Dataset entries
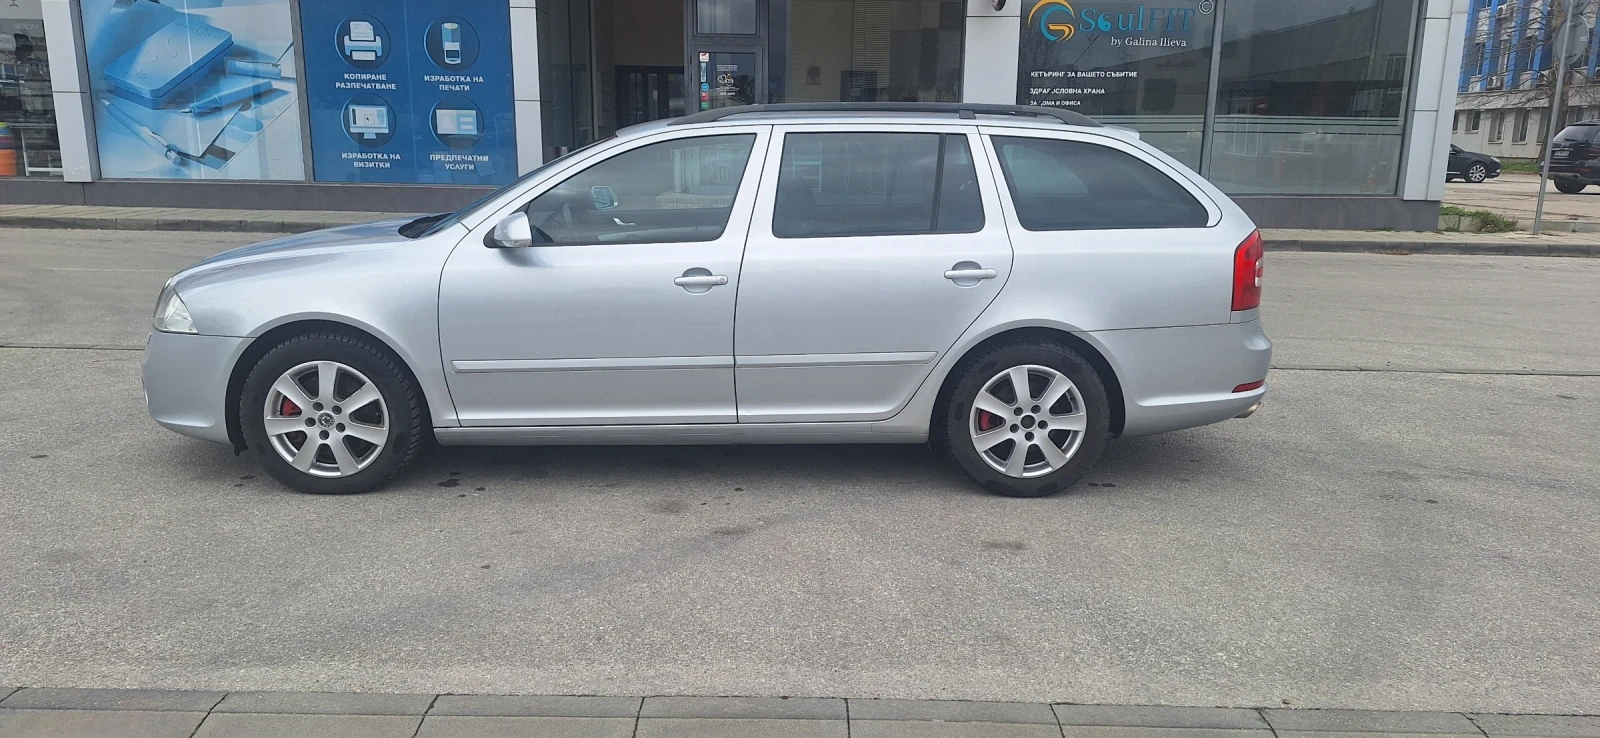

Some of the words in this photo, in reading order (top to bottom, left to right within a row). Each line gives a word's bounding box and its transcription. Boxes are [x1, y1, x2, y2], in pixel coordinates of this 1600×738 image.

[1110, 36, 1123, 48] by
[1124, 37, 1158, 46] Galina
[1159, 38, 1187, 47] Ilieva
[343, 73, 387, 81] КОПИРАНЕ
[424, 75, 471, 83] ИЗРАБОТКА
[335, 82, 397, 90] РАЗПЕЧАТВАНЕ
[439, 84, 470, 92] ПЕЧАТИ
[341, 152, 388, 160] ИЗРАБОТКА
[429, 154, 489, 162] ПРЕДПЕЧАТНИ
[353, 161, 391, 169] ВИЗИТКИ
[444, 163, 475, 171] УСЛУГИ

**EXERCISE REQUIREMENTS:** Because the pictures are not wanted, retype every record exactly without them.

**FINISHED TASK:**
Some of the words in this photo, in reading order (top to bottom, left to right within a row). Each line gives a word's bounding box and its transcription. Boxes are [x1, y1, x2, y2], in pixel coordinates of this 1600×738 image.

[1110, 36, 1123, 48] by
[1124, 37, 1158, 46] Galina
[1159, 38, 1187, 47] Ilieva
[343, 73, 387, 81] КОПИРАНЕ
[424, 75, 471, 83] ИЗРАБОТКА
[335, 82, 397, 90] РАЗПЕЧАТВАНЕ
[439, 84, 470, 92] ПЕЧАТИ
[341, 152, 388, 160] ИЗРАБОТКА
[429, 154, 489, 162] ПРЕДПЕЧАТНИ
[353, 161, 391, 169] ВИЗИТКИ
[444, 163, 475, 171] УСЛУГИ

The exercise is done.